Saved entries
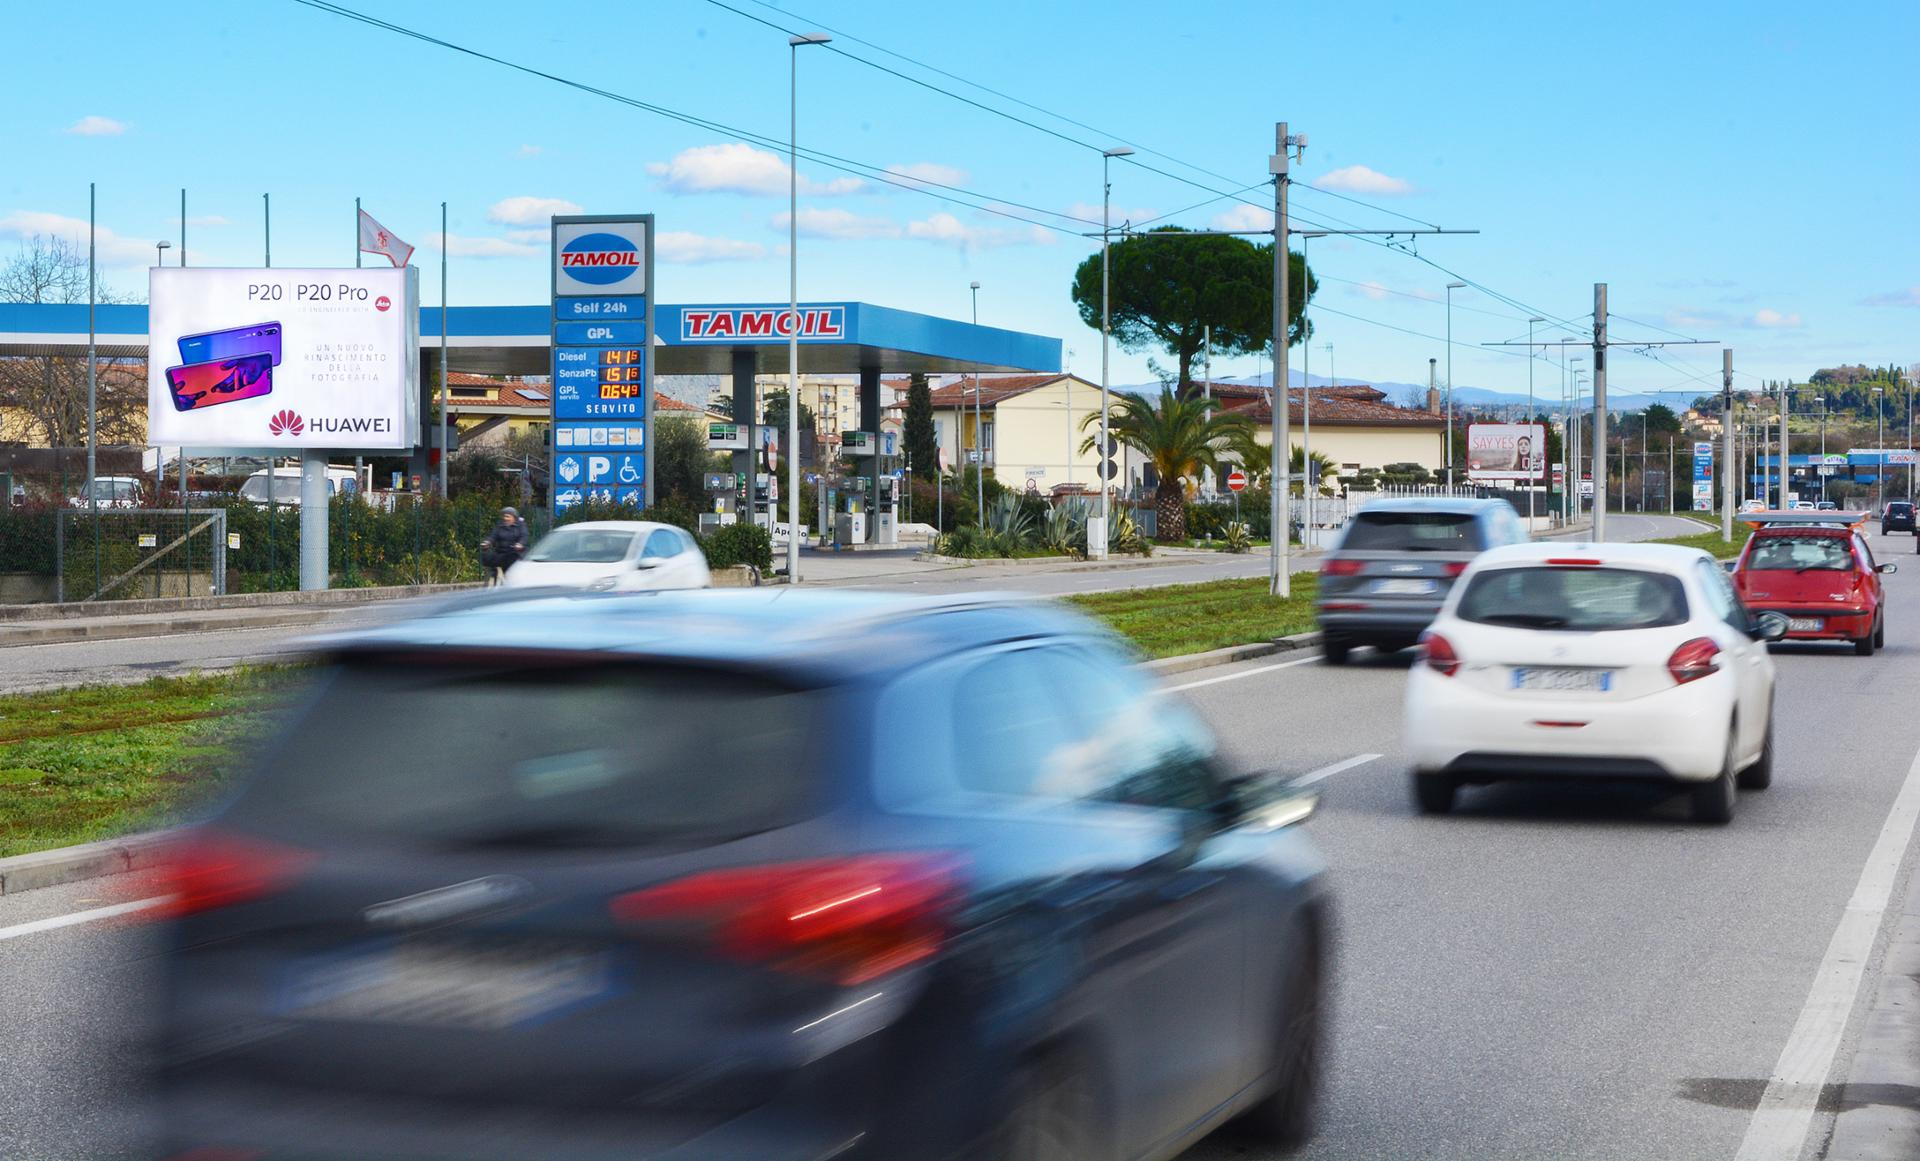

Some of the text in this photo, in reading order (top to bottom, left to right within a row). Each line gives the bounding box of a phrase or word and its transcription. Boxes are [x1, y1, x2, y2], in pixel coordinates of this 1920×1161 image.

[561, 252, 641, 266] TAMOIL
[248, 284, 368, 301] P20 P20 Pro
[574, 302, 627, 313] Self 24h
[686, 311, 840, 337] TAMOIL
[587, 328, 614, 339] GPL
[316, 344, 374, 352] UN NUOVO
[559, 352, 587, 361] Diesel
[559, 368, 597, 378] SenzaPb
[559, 385, 578, 395] GPL
[586, 403, 636, 414] SERVITO
[310, 417, 391, 433] HUAWEI
[1472, 436, 1515, 450] SAY YES
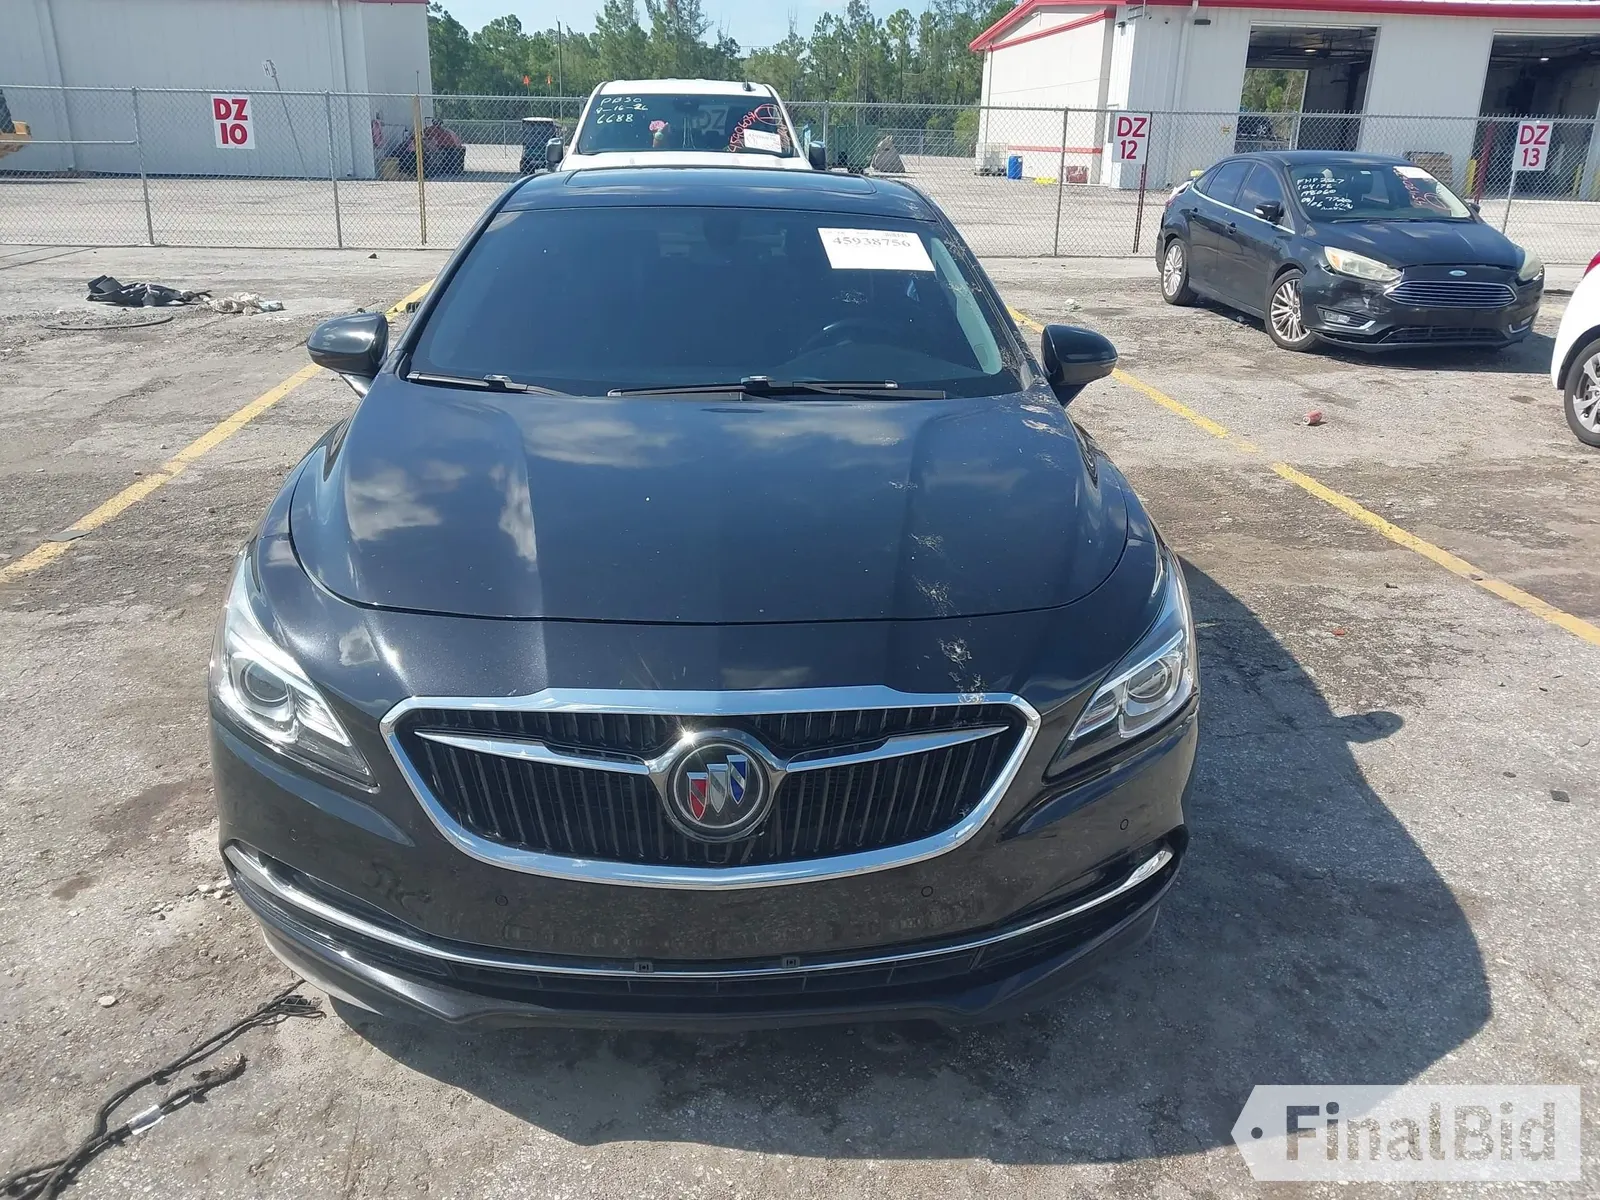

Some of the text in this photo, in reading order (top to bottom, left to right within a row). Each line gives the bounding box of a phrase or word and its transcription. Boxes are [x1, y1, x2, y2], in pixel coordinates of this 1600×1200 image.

**Requirement:**
Your task is to repeat the data above exactly while excluding the pictures.

**Output of the exercise:**
Some of the text in this photo, in reading order (top to bottom, left to right within a row). Each line gives the bounding box of a phrase or word and its transcription. Boxes are [x1, y1, x2, y2], in pixel coordinates of this 1920×1161 image.

[561, 252, 641, 266] TAMOIL
[248, 284, 368, 301] P20 P20 Pro
[574, 302, 627, 313] Self 24h
[686, 311, 840, 337] TAMOIL
[587, 328, 614, 339] GPL
[316, 344, 374, 352] UN NUOVO
[559, 352, 587, 361] Diesel
[559, 368, 597, 378] SenzaPb
[559, 385, 578, 395] GPL
[586, 403, 636, 414] SERVITO
[310, 417, 391, 433] HUAWEI
[1472, 436, 1515, 450] SAY YES

Some of the text in this photo, in reading order (top to bottom, left to right within a row). Each line gives the bounding box of a phrase or word and its transcription. Boxes are [x1, y1, x2, y2], in pixel coordinates of this 1600×1200 image.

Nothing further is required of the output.